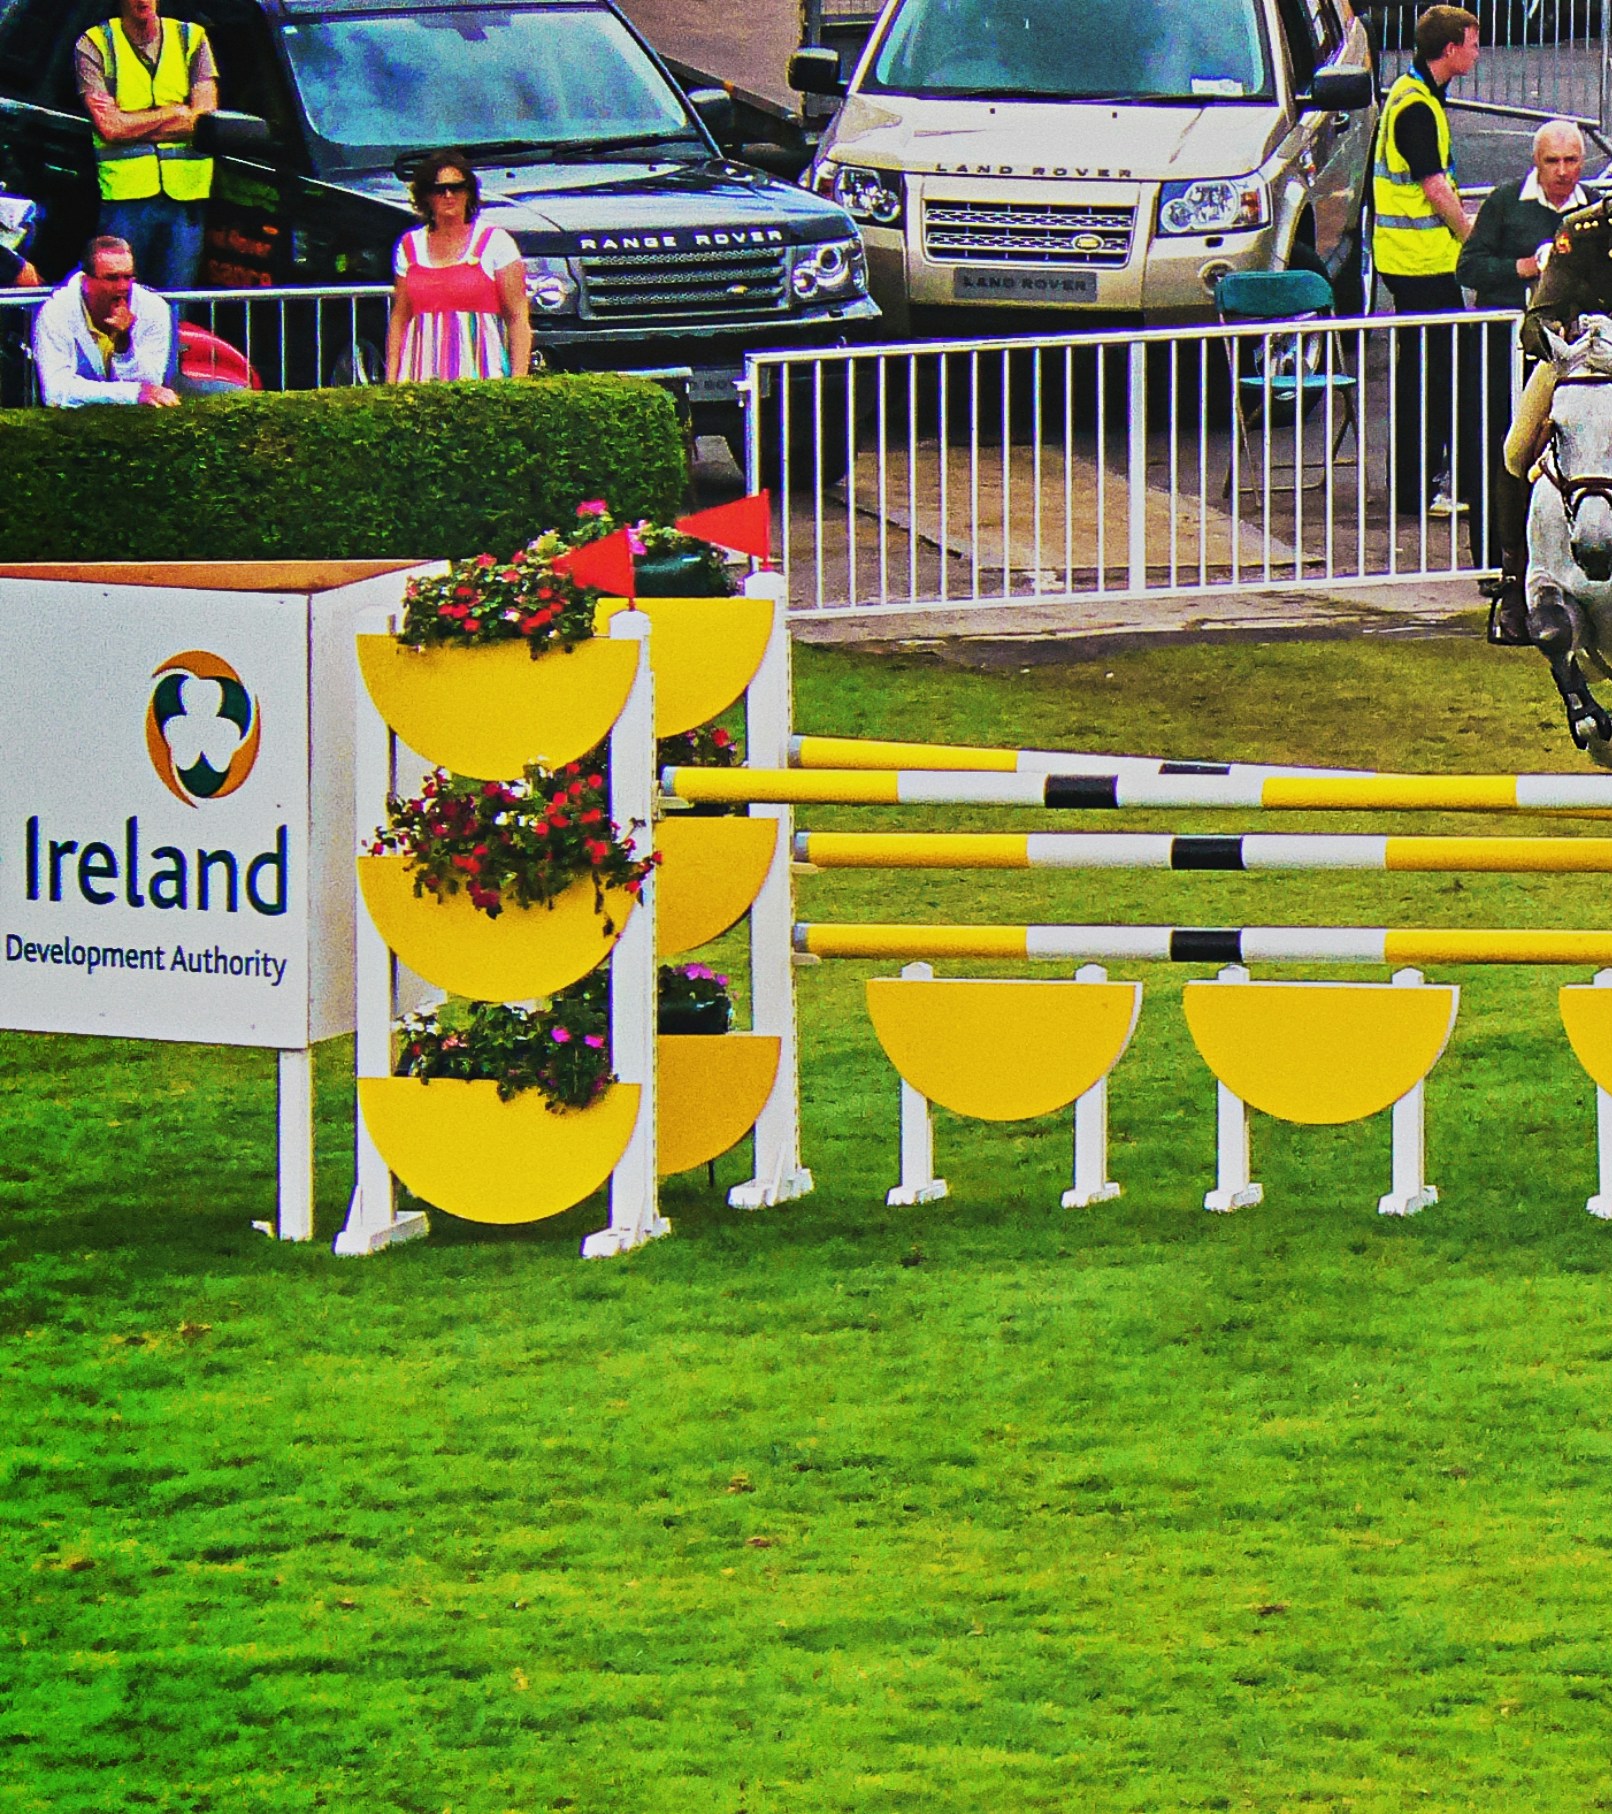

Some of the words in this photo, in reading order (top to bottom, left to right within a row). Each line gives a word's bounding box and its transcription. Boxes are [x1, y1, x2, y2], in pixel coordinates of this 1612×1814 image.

[935, 163, 1013, 174] LAND
[1032, 167, 1132, 178] ROVER
[580, 236, 677, 249] RANGE
[695, 229, 783, 245] ROVER
[963, 276, 1014, 288] LAND
[1021, 278, 1087, 291] ROVER
[26, 815, 288, 916] Ireland
[6, 933, 166, 975] Development
[170, 944, 287, 986] Authority
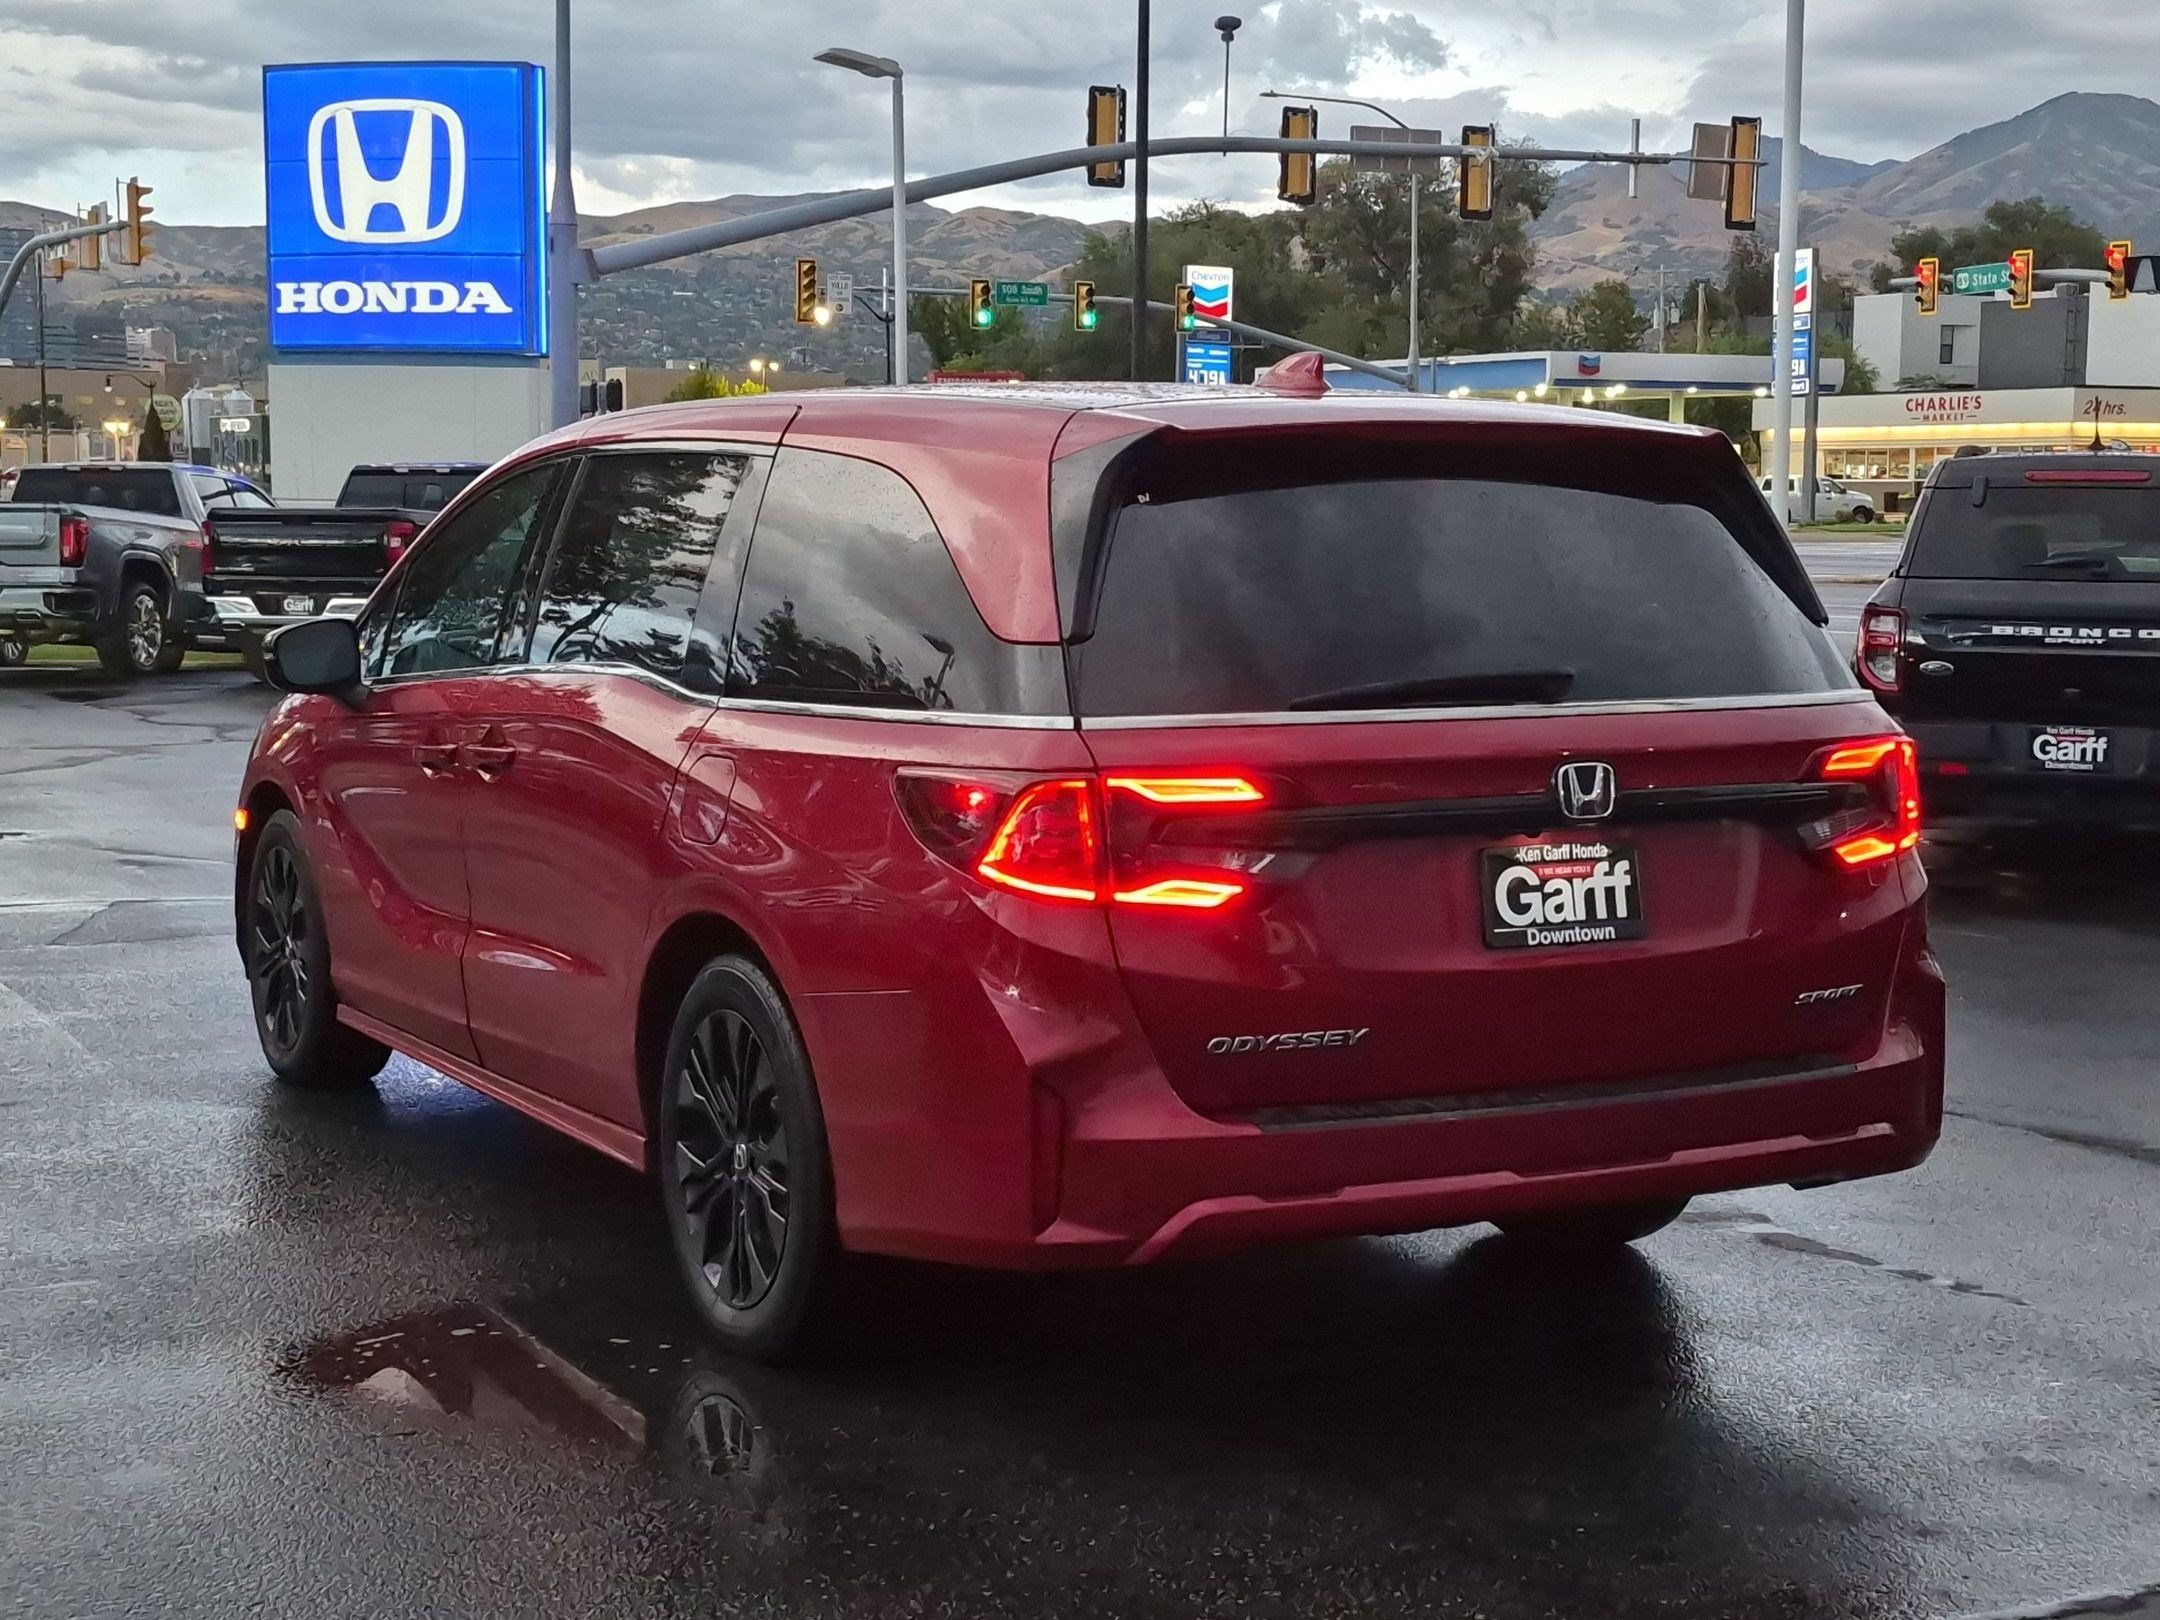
_ _ _ _ _ _ _
One exact copy of the data is required, and it should hold no pictures.

Some of the words in this photo, in reading order (top to bottom, left to right within a row). Each line gives a word's bounding box and its transcription. Boxes are [x1, y1, x2, y2], in pixel coordinates of this 1612×1814 image.

[935, 163, 1013, 174] LAND
[1032, 167, 1132, 178] ROVER
[580, 236, 677, 249] RANGE
[695, 229, 783, 245] ROVER
[963, 276, 1014, 288] LAND
[1021, 278, 1087, 291] ROVER
[26, 815, 288, 916] Ireland
[6, 933, 166, 975] Development
[170, 944, 287, 986] Authority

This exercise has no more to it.